The construction industry is undergoing a shift that cannot be monetized in the usual way. The concept of data-driven, data-centric approach and the use of Open Source tools is leading to a rethinking of the rules of the game on which the software giants of the market stand.
Unlike previous technology transformations, this transition will not be actively promoted by vendors. The paradigm shift threatens their traditional business models based on licensing, subscriptions and consulting. The new reality does not involve an out-of-the-box product or a paid subscription – it requires a re-engineering of processes and thinking.
To manage and develop data center solutions based on open technologies, companies will need to rethink internal processes. Specialists from different departments will have to not only collaborate, but also rethink how they work together.
The new paradigm implies the use of open data and Open Source solutions, where tools based on artificial intelligence and large language models (LLM) rather than programmers will play a special role in creating program code. Already by mid-2024, more than 25% of new code at Google is created with AI (The Verge, “More than a quarter of new code at Google is generated by AI,” October 29, 2024). In the future, coding with LLMs will do 80% of the work in just 20% of the time (Fig. 3.2-14).
According to McKinsey’s 2020 study (McKinsey Digital, “The business case for using GPUs to accelerate analytics processing,” December 15, 2020), GPUs are increasingly replacing CPUs in analytics due to their high performance and support by modern Open Source tools. This allows companies to accelerate data processing without significant investments in expensive software or hiring scarce specialists.
Leading consulting firms such as McKinsey, PwC and Deloitte emphasize the growing importance of open standards, Open Source applications across industries.
According to the PwC Open Source Monitor 2019 report (PWC, “PwC Open Source Monitor 2019,” 2019), 69% of companies with 100 or more employees consciously use Open Source solutions. OSS is especially actively used in large companies: 71% of companies with 200-499 employees, 78% in the 500-1999 employee category, and up to 86% among companies with more than 2000 employees.

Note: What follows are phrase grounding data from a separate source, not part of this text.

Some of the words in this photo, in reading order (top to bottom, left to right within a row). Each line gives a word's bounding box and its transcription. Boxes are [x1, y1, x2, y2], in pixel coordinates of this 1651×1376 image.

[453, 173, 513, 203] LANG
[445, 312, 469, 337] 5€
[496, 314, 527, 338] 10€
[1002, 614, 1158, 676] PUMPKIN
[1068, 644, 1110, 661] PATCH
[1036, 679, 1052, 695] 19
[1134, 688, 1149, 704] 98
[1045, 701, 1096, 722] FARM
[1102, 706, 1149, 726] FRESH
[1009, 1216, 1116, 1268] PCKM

According to the Synopsys OSSRA 2023 report, 96% of the analyzed codebases contained open source components(Travers Smith, “The Open Secret: Open Source Software,” 2024).

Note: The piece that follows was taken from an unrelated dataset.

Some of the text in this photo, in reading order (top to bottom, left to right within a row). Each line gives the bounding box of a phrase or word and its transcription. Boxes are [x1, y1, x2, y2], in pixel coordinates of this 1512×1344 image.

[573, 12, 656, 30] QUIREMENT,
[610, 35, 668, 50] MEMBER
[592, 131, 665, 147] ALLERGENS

The future of the developer’s role is not to manually write code, but to design data models, flow architectures, and manage AI agents that create the right calculations on demand. User interfaces will become minimalistic and interaction will become dialog-based. Classical programming will give way to high-level design and orchestration of digital solutions (Fig. 3.2-14). Current trends – such as low-code platforms (Fig. 7.4-6) and LLM-enabled ecosystems (Fig. 7.4-4) – will significantly reduce the cost of developing and maintaining IT systems.

This transition will be unlike previous ones and the big software vendors will likely not catalyze it.

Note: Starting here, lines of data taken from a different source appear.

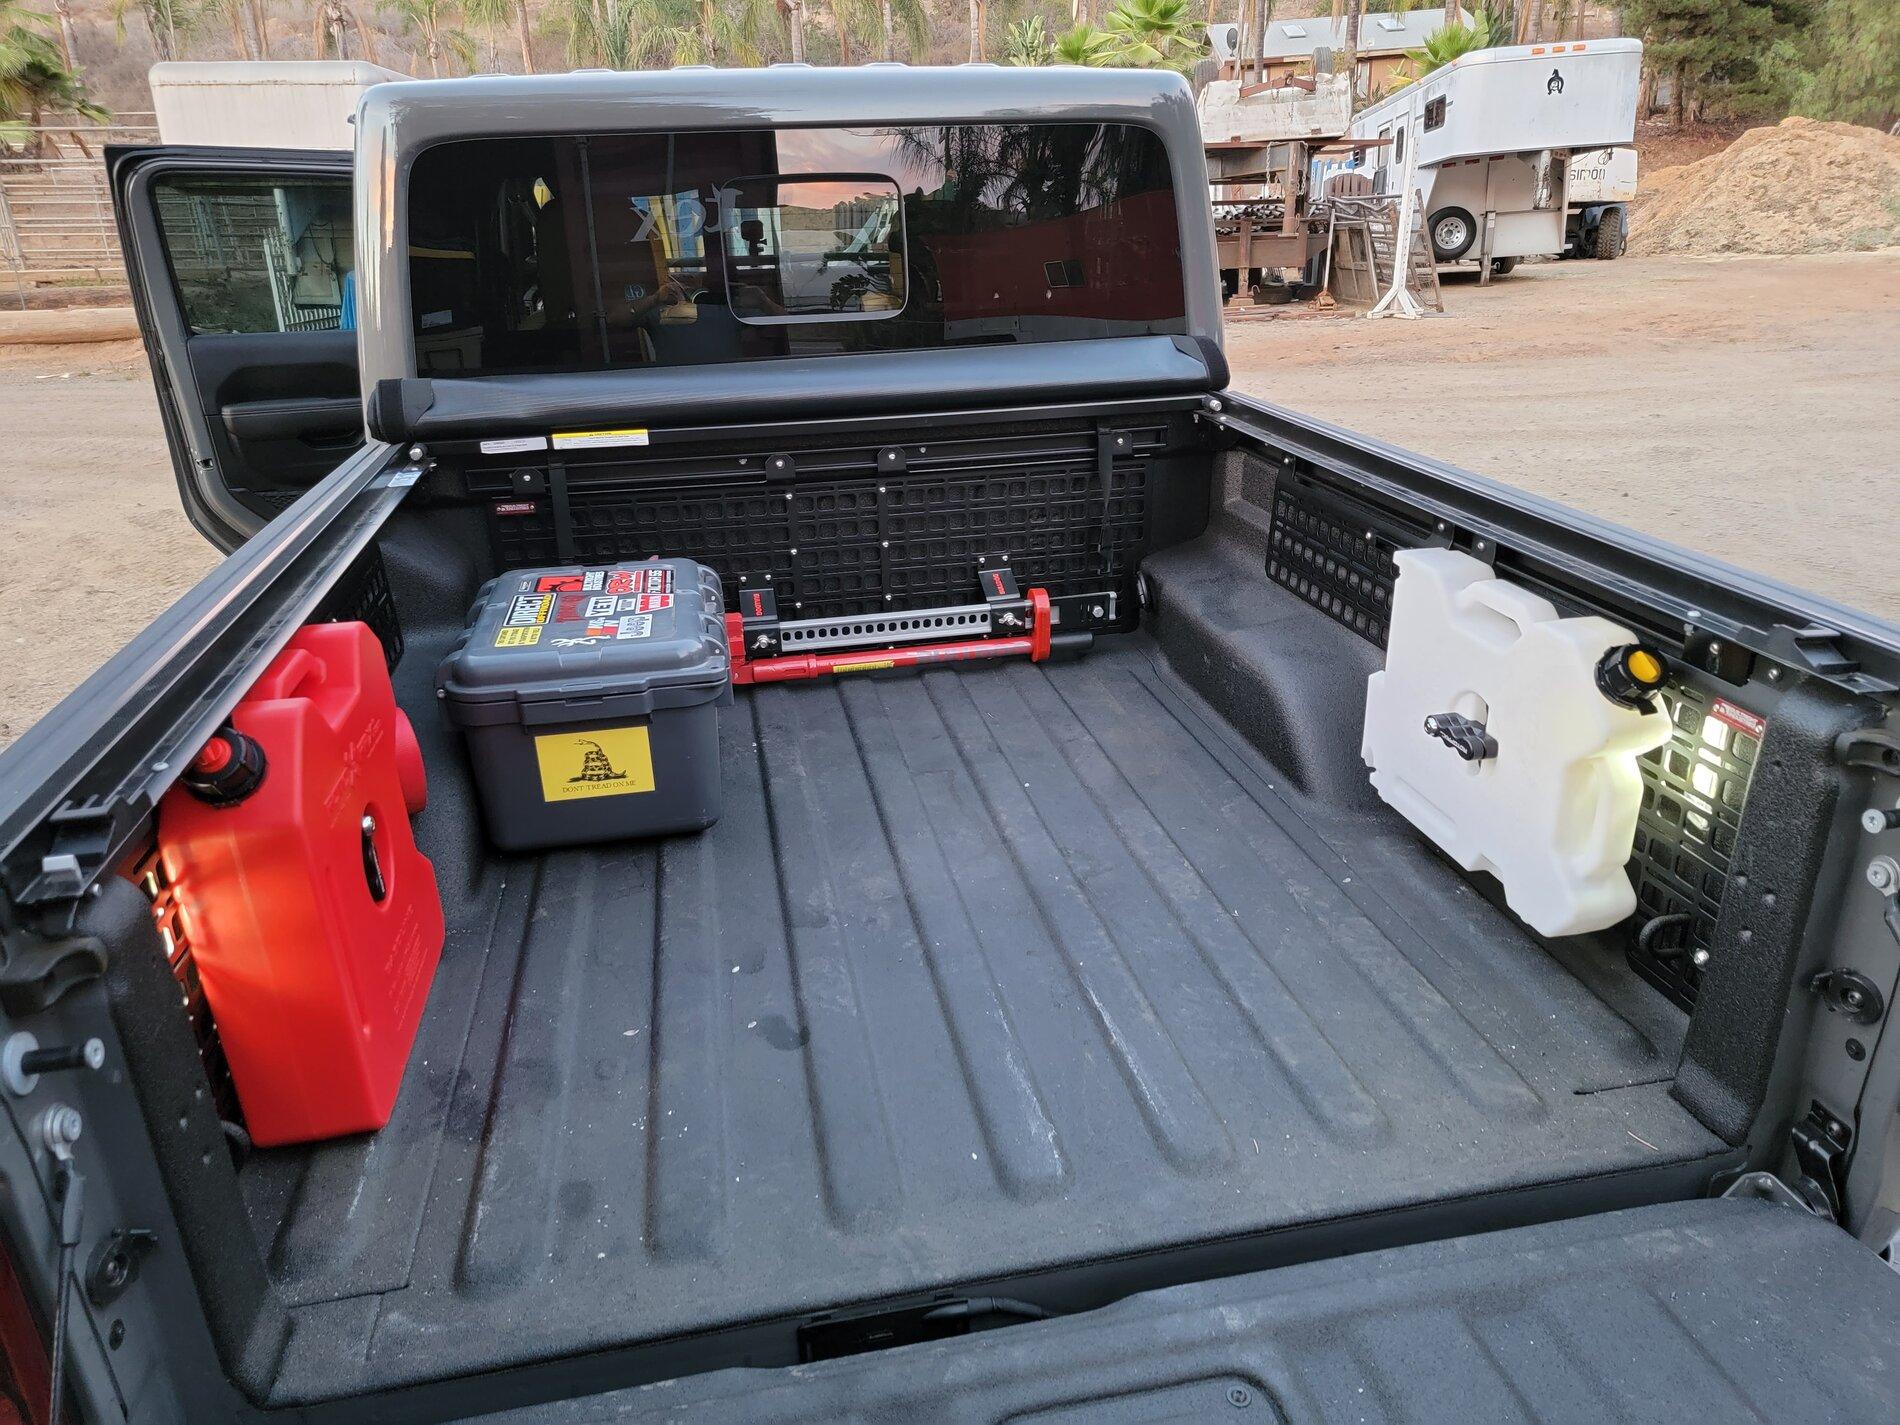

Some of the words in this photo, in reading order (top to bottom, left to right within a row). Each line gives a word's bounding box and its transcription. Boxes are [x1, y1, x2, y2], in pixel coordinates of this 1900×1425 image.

[510, 596, 543, 625] DIRECT
[537, 594, 551, 623] OFFROAD
[591, 597, 613, 615] YETI
[619, 616, 650, 636] Jeep
[586, 782, 612, 790] TREAD

Harvard Business School study “The Value of Open Source Software” 2024 (F. N. a. Y. Z. Harvard Business School: Manuel Hoffmann, “The Value of Open Source Software,” 24 Jan. 2024), the total value of open source software is estimated from two points of view. On the one hand, if we calculate how much it would take to build all existing Open Source solutions from scratch, this amount would be about 4.15 billion dollars. On the other hand, if we imagine that each company develops its own analogs of Open Source solutions on its own (which happens everywhere), without having access to existing tools, then the total cost of business would reach a colossal 8.8 trillion dollars – this is the cost of demand.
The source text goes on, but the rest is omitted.